Quel que soit le bilan définitif de l’attentat de Moscou, il avoisine celui de novembre 2015 à Paris et figure parmi les plus importants du terrorisme de ces dernières années. Cela entraîne la compassion pour le peuple russe en deuil. Les controverses lancées en Occident et à Moscou sont à cet égard très mal venues. Vladimir Poutine a d’abord mis l’attentat sur le compte direct de l’Ukraine avant d’admettre qu’il était l’œuvre de « l’islamisme radical », tandis que la presse, notamment française, a polémiqué sur les « tortures » censément visibles sur les images des quatre suspects montrés par la télévision russe. Tout cela n’est pas très digne et masque un fait important : la guerre en Ukraine n’empêche pas le monde de tourner, et la géopolitique avec elle, avec notamment cette plaie du temps de « paix » ordinaire qu’est le terrorisme. C’est ce qu’Emmanuel Macron a tout de suite saisi en proposant au président russe « une coopération accrue » en matière de terrorisme.

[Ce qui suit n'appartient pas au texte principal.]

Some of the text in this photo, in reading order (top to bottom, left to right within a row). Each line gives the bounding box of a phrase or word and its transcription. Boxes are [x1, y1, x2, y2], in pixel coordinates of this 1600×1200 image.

Moscou : buter le terrorisme jusque dans l’image télé
L’étonnant n’est pas que la police de Moscou ait passé les suspects à tabac, ni que le Kremlin ait fait diffuser les images : tout homme normal estimera souhaitable une punition exemplaire pour un crime aussi répugnant, et Poutine, en position de faiblesse pour n’avoir pas su éviter l’attentat, doit montrer sa détermination. Il faut qu’on sache qu’il « butte les terroristes » jusque à la télé. L’étonnant est que les terroristes, sachant qu’ils risquaient d’être faits prisonniers, n’aient pas eu de pilule de cyanure. Cela fait partie des mystères qui planent sur l’affaire. A la question de Vladimir Poutine, « à qui cela (le crime) profite-t-il », toutes les réponses sont aujourd’hui possibles. Y compris les plus complotistes. On peut y voir la main de Washington, de Kiev, ou celle de Moscou. Ou simplement celle de personne. Frankenstein a échappé à son inventeur, et les mouvements terroristes échappent souvent à ceux qui les ont manipulés et financés : c’est arrivé naguère aux créations de l’URSS et des Etats-Unis, c’est sans doute le cas de l’Etat islamique du Khorassan.

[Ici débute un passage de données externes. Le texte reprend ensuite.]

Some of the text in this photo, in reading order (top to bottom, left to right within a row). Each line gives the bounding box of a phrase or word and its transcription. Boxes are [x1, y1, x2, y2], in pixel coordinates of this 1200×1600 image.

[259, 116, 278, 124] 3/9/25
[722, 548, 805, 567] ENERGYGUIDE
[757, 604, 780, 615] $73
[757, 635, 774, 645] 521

Guerre en Ukraine, paix dans le monde, gouvernance mondiale
Quant à la proposition d’Emmanuel Macron lancée de Cayenne en Guyane, il ne faut pas y voir que le souci d’un président hyperactif de faire parler de lui. Il rappelle que dans le système international actuel, la paix continue pendant la guerre. La Russie et l’Occident coopèrent en matière de nucléaire, d’espace, et dans bien d’autres domaines, afin que le monde ne s’écroule pas – et la lutte contre le terrorisme en est un. Lutter contre le terrorisme, ou les pandémies, ou la corruption, ou le réchauffement du climat, sont de grandes tâches systémiques, menées en commun par toute l’humanité pour faire avancer la gouvernance mondiale. Dans les démocraties dites « libérales » comme dans celles qu’on dit « illibérales ». Et si Macron peut proposer son savoir-faire en la matière, c’est que les mêmes causes produisent les mêmes effets : empire multiculturel, multiracial et multireligieux, la Russie est aujourd’hui la proie d’un vivre-ensemble comparable à celui de la France, qui explique sans doute que le commando terroriste ait pu s’y constituer sans être repéré.